• **Work order**
Copy out every record below exactly as written, but leave out any pictures.

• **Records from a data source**
..............................

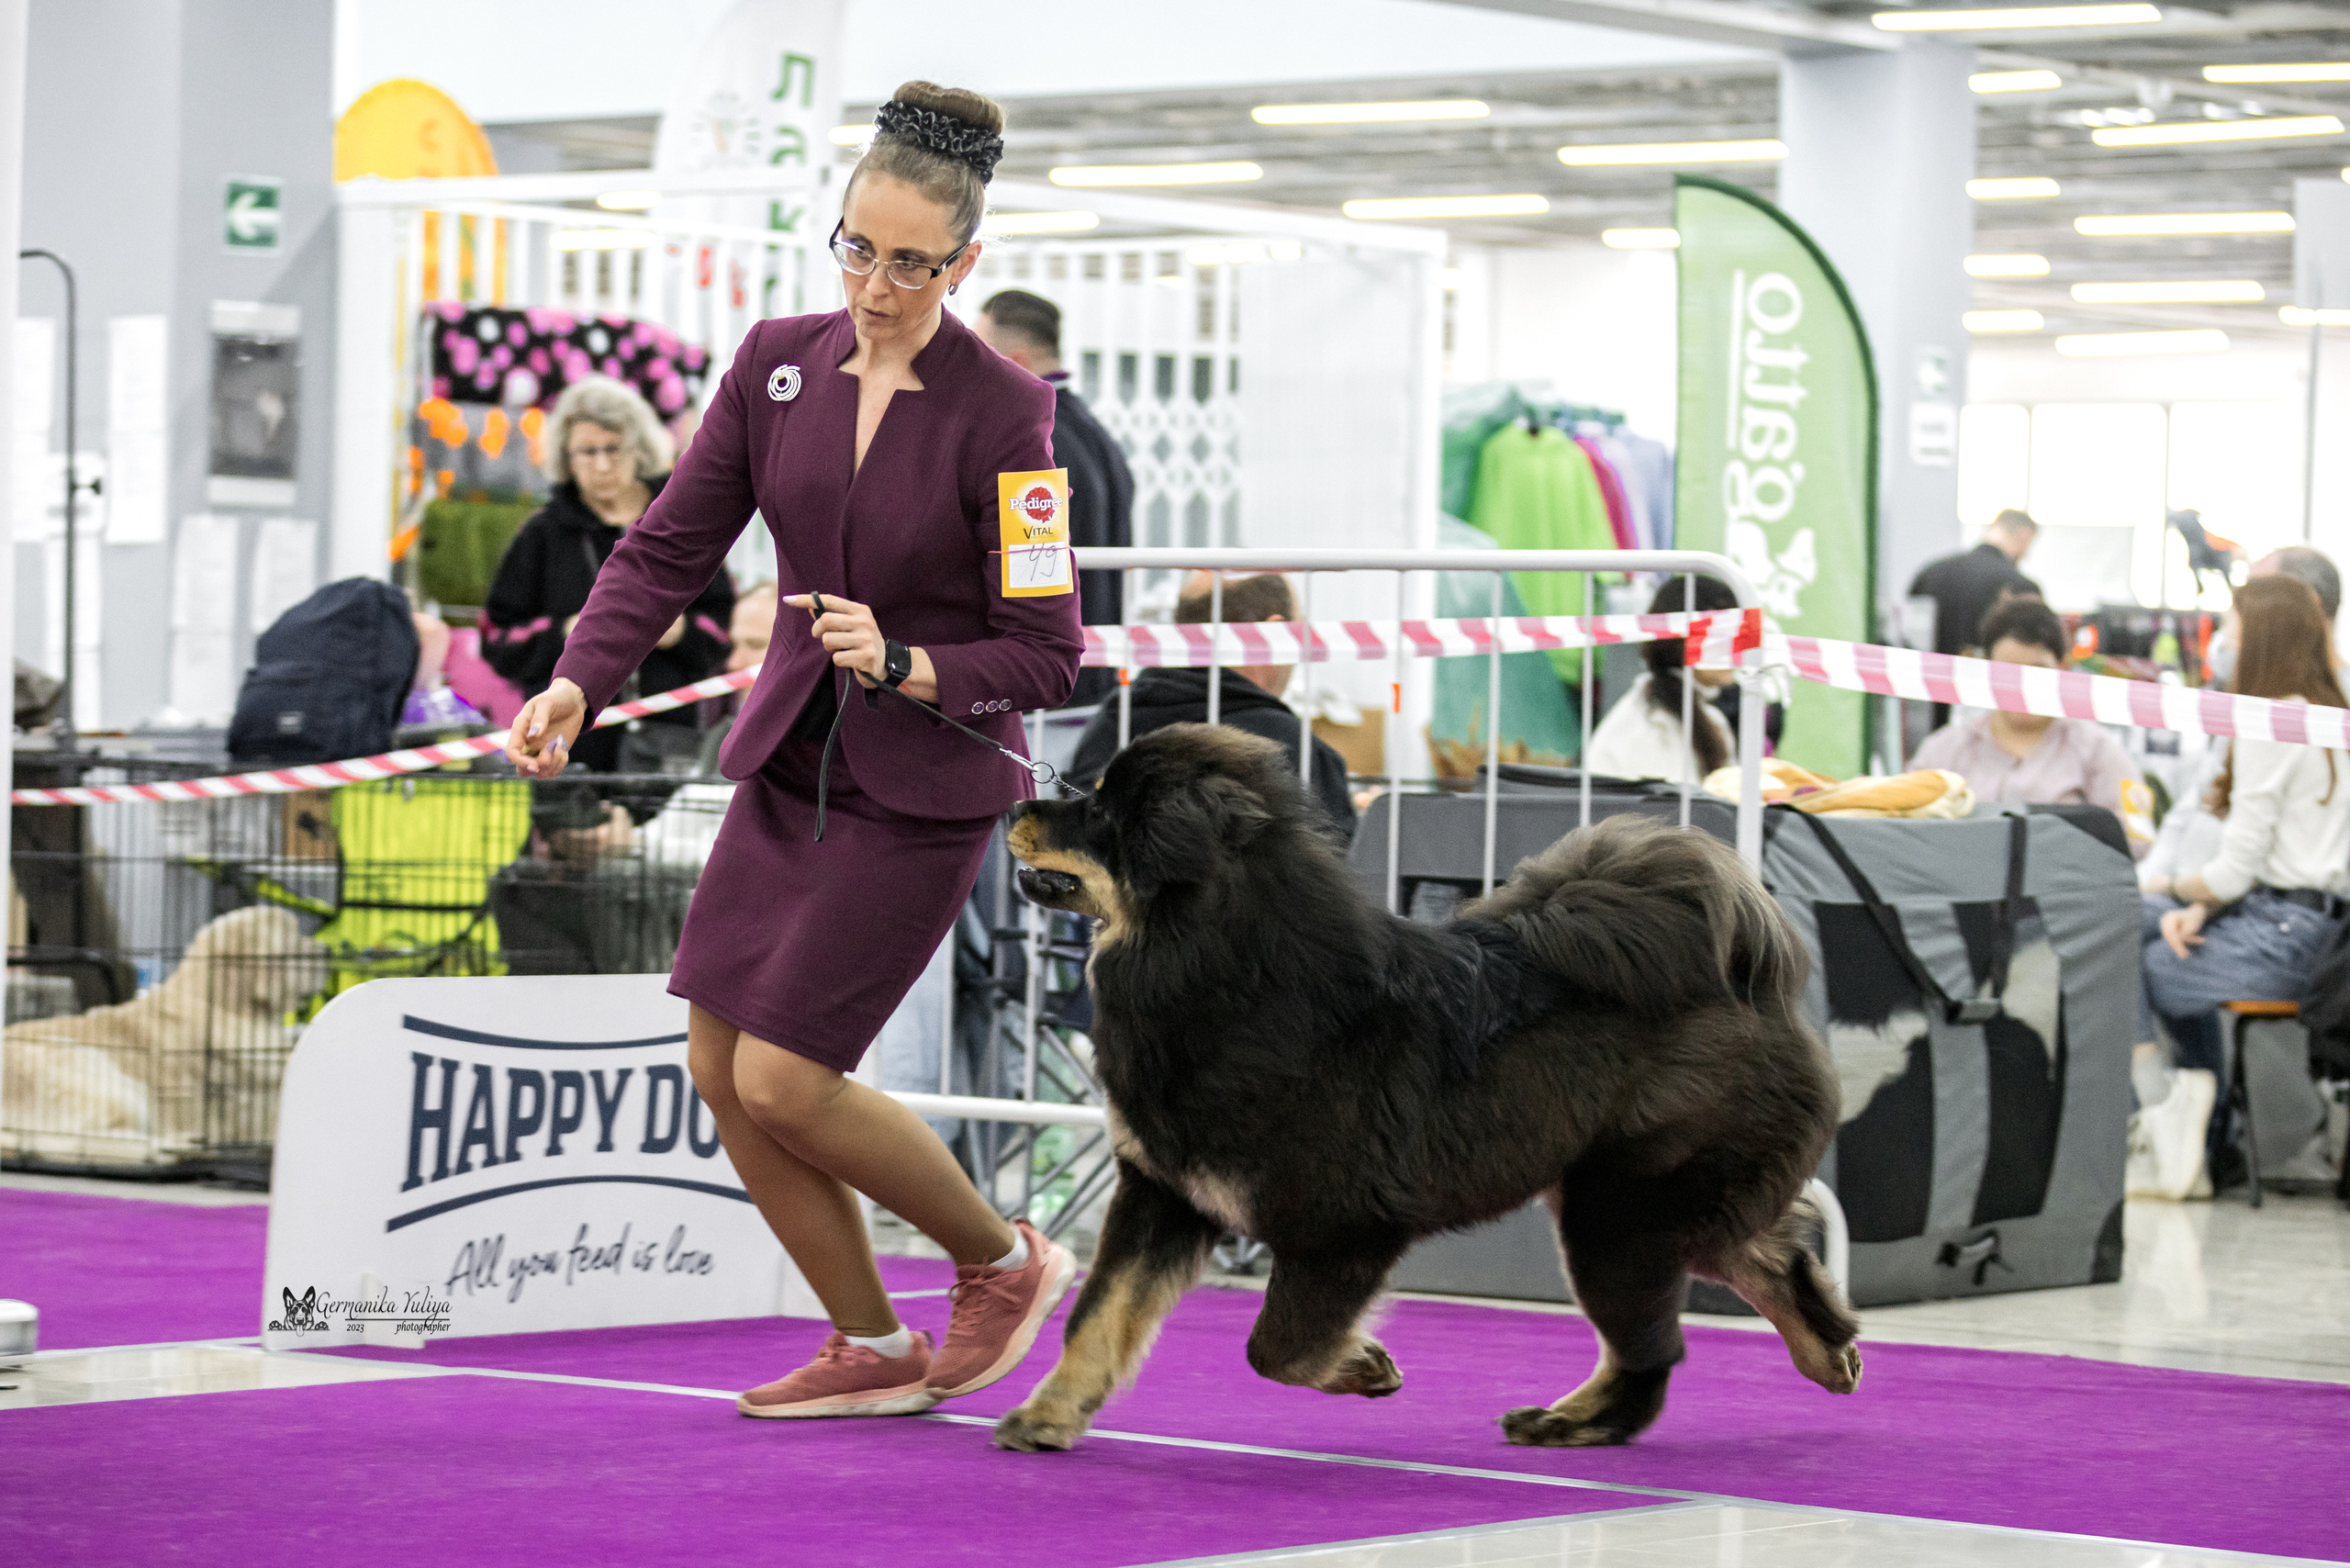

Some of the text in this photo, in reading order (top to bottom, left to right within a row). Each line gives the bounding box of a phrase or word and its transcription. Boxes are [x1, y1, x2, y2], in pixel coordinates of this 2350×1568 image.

[1009, 497, 1063, 511] Pedigree
[401, 1050, 636, 1193] HAPPY
[444, 1222, 712, 1303] All you feed is love
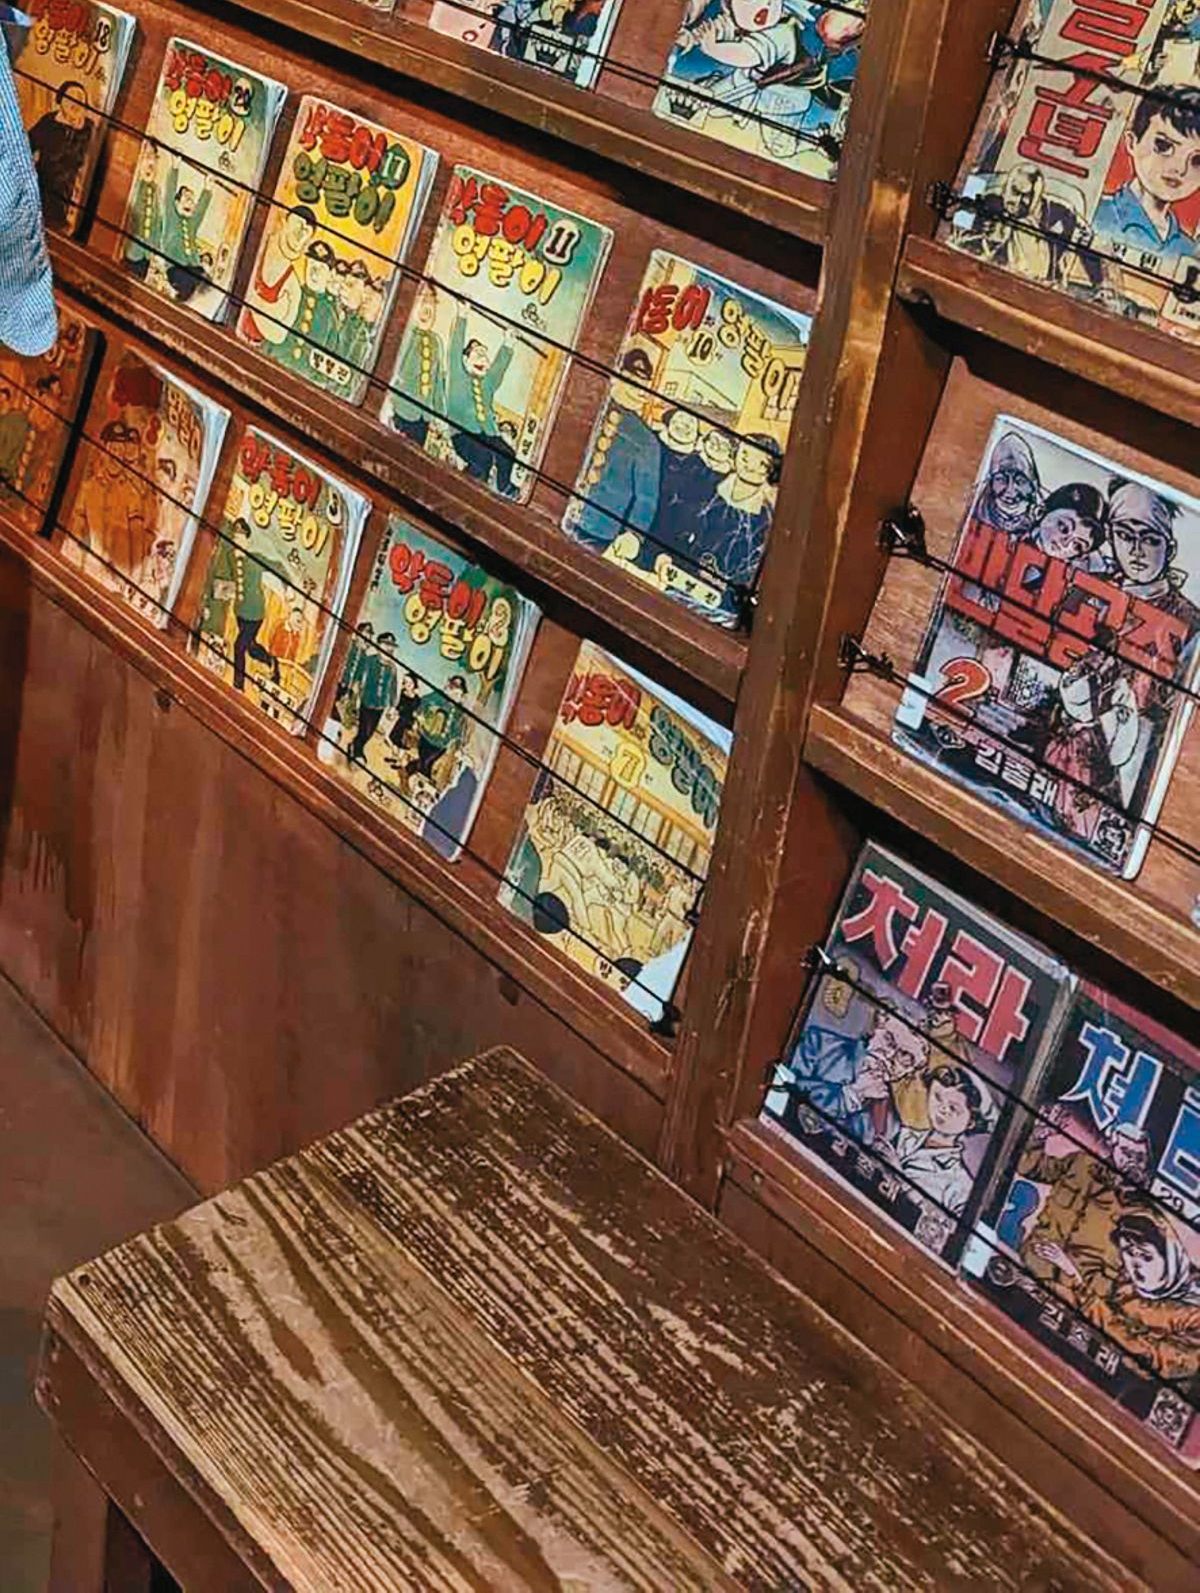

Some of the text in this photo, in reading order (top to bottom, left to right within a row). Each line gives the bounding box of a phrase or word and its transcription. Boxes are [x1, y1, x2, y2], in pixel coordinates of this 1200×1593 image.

..............................

• **Exercise response**
Some of the text in this photo, in reading order (top to bottom, left to right within a row). Each line gives the bounding box of a phrase or word and its transcription. Boxes are [x1, y1, x2, y2], in pixel coordinates of this 2350×1568 image.

[1009, 497, 1063, 511] Pedigree
[401, 1050, 636, 1193] HAPPY
[444, 1222, 712, 1303] All you feed is love

Some of the text in this photo, in reading order (top to bottom, left to right within a row). Each line gives the bounding box of a phrase or word and its transcription. Boxes are [x1, y1, x2, y2], in pixel coordinates of this 1200×1593 image.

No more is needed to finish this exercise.